AI coding tools re-read your entire codebase on every task. ckg fixes that. One server indexes every repo in your org with Tree-sitter across 26 languages, stores the structural map as a Neo4j property graph, keeps it fresh via incremental ingest + webhooks, and serves precise context to your AI assistant via MCP so it reads only what matters.
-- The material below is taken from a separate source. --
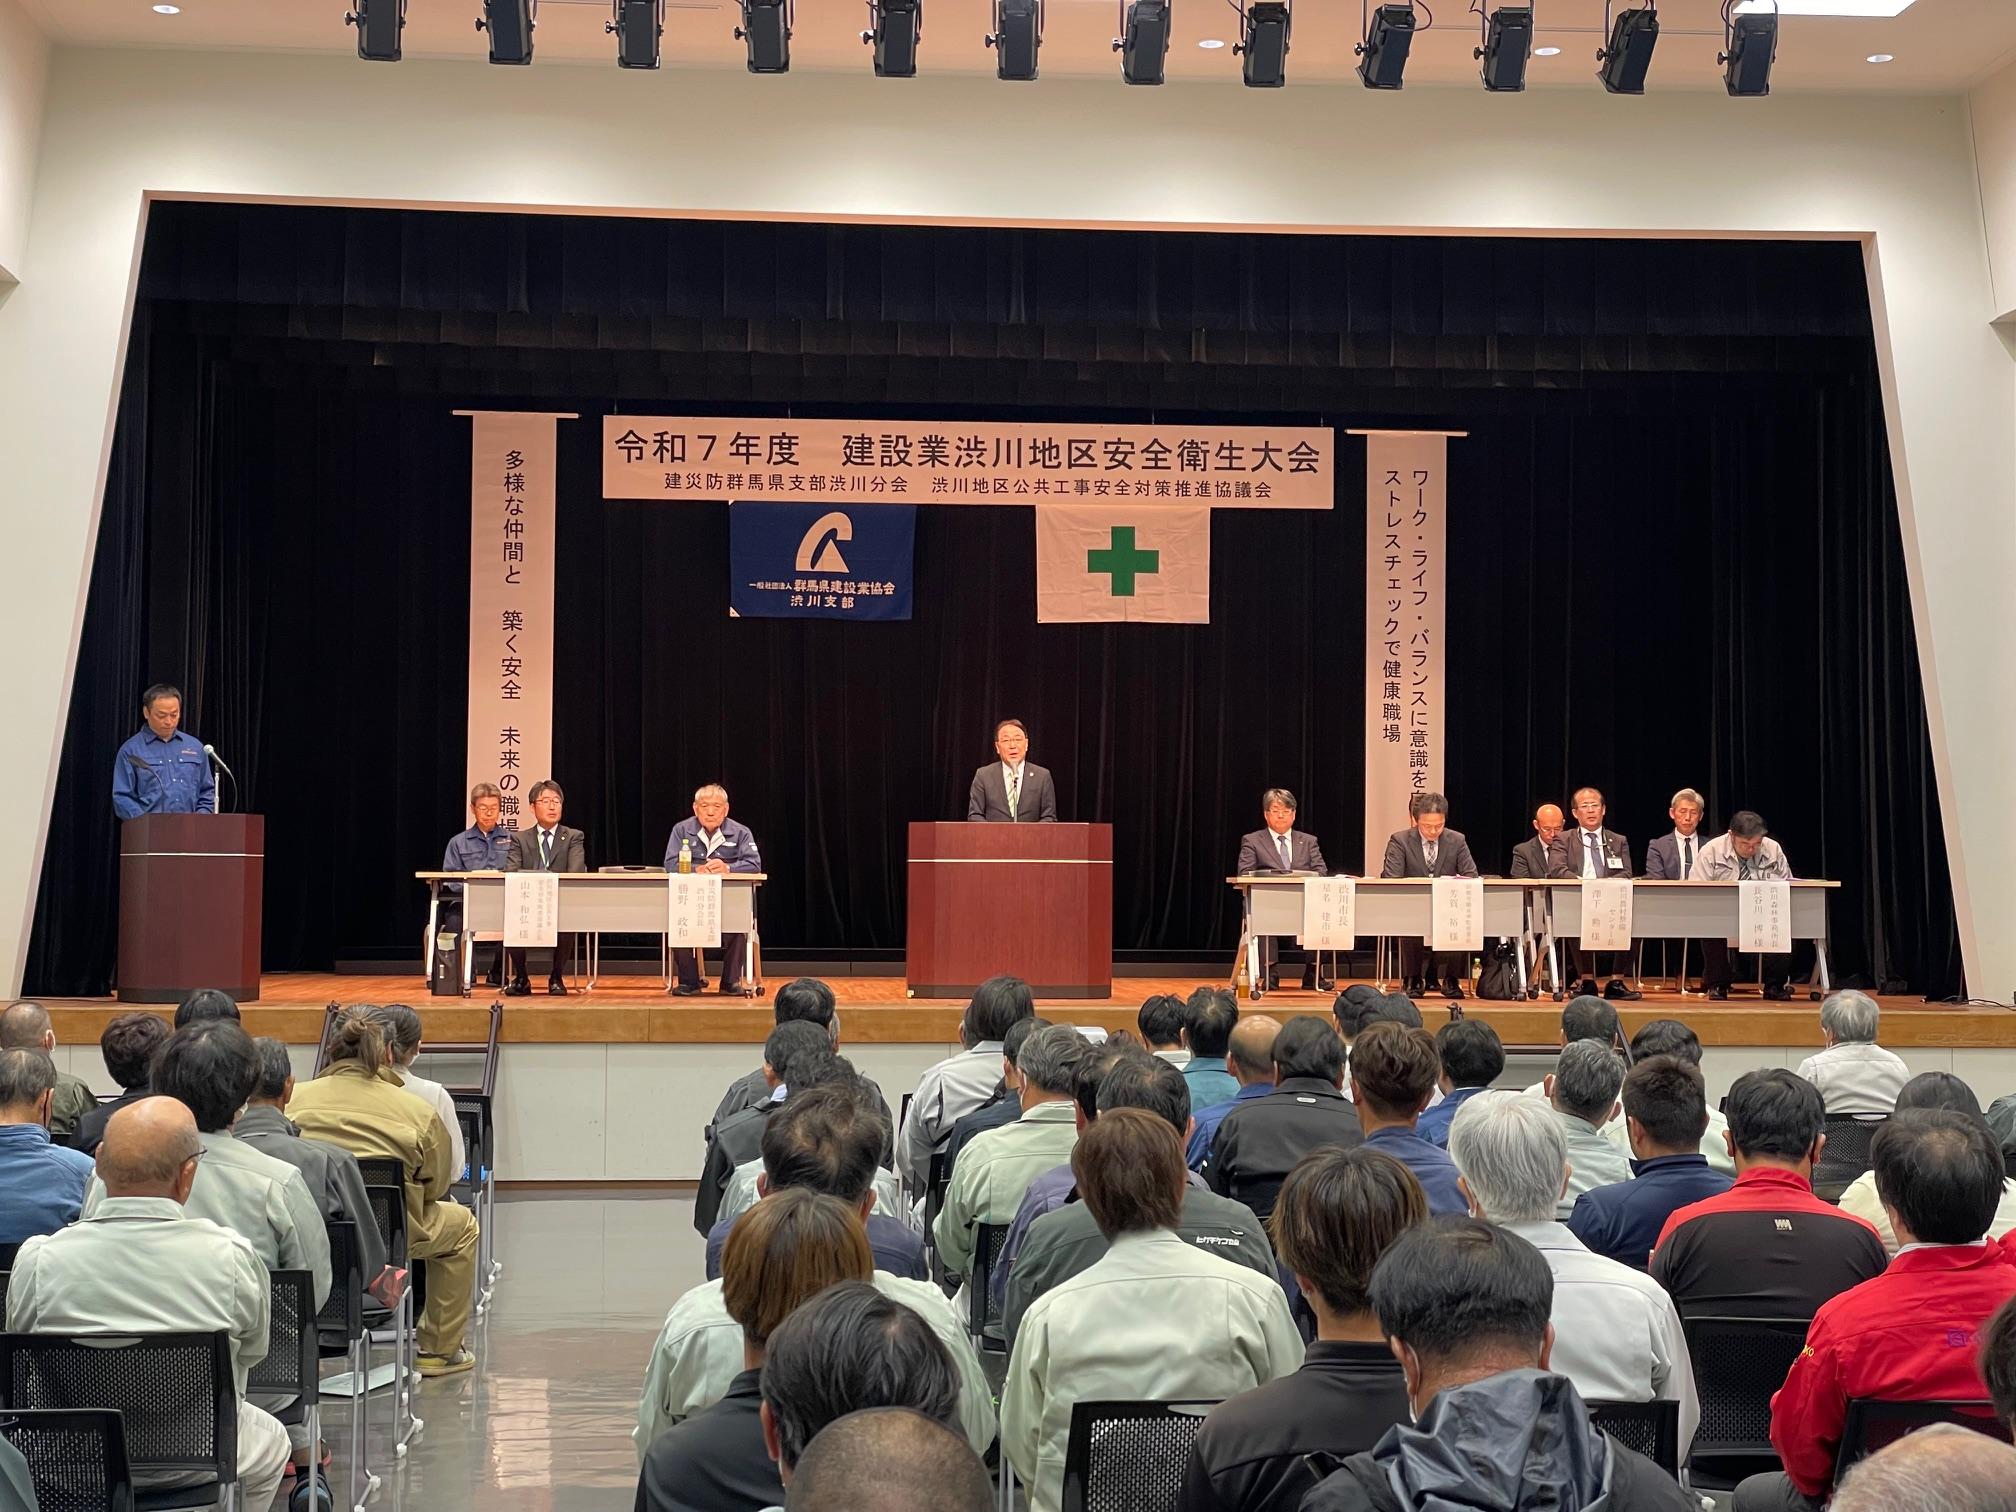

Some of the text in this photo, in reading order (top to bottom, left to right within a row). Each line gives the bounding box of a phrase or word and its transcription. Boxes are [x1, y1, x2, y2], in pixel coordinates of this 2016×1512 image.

PyPI CI License: MIT Python Docker Compose Neo4j MCP Languages Tree-sitter

One server that:

  • ingests many repositories (not just one) and keeps them incrementally fresh
  • stores them as a Neo4j property graph (File, Class, Function, Module + CONTAINS, DEFINES, HAS_METHOD, CALLS, IMPORTS)
  • exposes REST, GraphQL, MCP/JSON-RPC, and a ckg CLI
  • supports structural queries (callers, callees, imports, blast radius, downstream dependencies), full-text search, and semantic vector search
  • generates an architecture map with coupling warnings (cyclic deps, god modules, SDP violations) every ingest
  • secures every endpoint with scoped API tokens (argon2id-hashed)
  • runs as a single docker compose up

Why

Need How this server delivers
Rock-solid, won't fall over Stateless API + workers; Neo4j/Postgres/Redis run with healthchecks + restart: unless-stopped; horizontal scale via --scale worker=N
Fast relationship search for AI agents Native graph DB (Cypher) + Lucene FTS + vector index — all in Neo4j
Multi-language Tree-sitter parsers (23): Python, JS/TS (incl. JSX/TSX → React, Angular), Rust, Go, Java, Ruby, C, C++, C#, Kotlin, Scala, Swift, PHP, Solidity, Dart, R, Perl, Lua, Zig, PowerShell, Julia, Nix. Extraction wrappers (3): Vue, Svelte (delegates <script> to JS/TS), Jupyter/Databricks .ipynb (concatenates code cells, dispatches by kernel). Pluggable — one file under ckg/parsers/ adds another language
Precise cross-file edges Opt-in LSP pass (CKG_LSP_ENABLED=true) upgrades CALLS edges with language-server-resolved targets. Pyright today; rust-analyzer / gopls / ts-server / jdtls planned. Graph stays functional with no LSP installed
Fast updates Incremental ingest (--incremental): sha-diffs files against the graph, only re-parses what changed. Full reparse stays available as --full
Context for AI tools Built-in MCP HTTP server → Cursor, VS Code, Claude Code drop in
Two query surfaces REST (/v1/*) for simple calls + GraphQL (/v1/graphql) for composed traversals; both use the same API token
CLI for automation ckg Typer CLI: register, ingest, query, search
Spec-driven Auto-generated OpenAPI at /docs; GraphiQL UI at /v1/graphql; ADRs under docs/adr/
Whole-codebase index One Neo4j graph spans all registered repos
Neo4j-backed Functions, classes, files, imports, calls all stored as labeled nodes + typed relationships
Secure API tokens with scopes (admin, repo:write, repo:read); hashed at rest

Supported languages

Tree-sitter parsers (23): Python · JavaScript (incl. JSX → React) · TypeScript (incl. TSX → Angular) · Rust · Go · Java · Ruby · C · C++ · C# · Kotlin · Scala · Swift · PHP · Solidity · Dart · R · Perl · Lua · Zig · PowerShell · Julia · Nix

Extraction wrappers (3): Vue & Svelte SFCs (delegate <script> to JS/TS) · Jupyter / Databricks .ipynb (concatenate code cells, dispatch by kernel language)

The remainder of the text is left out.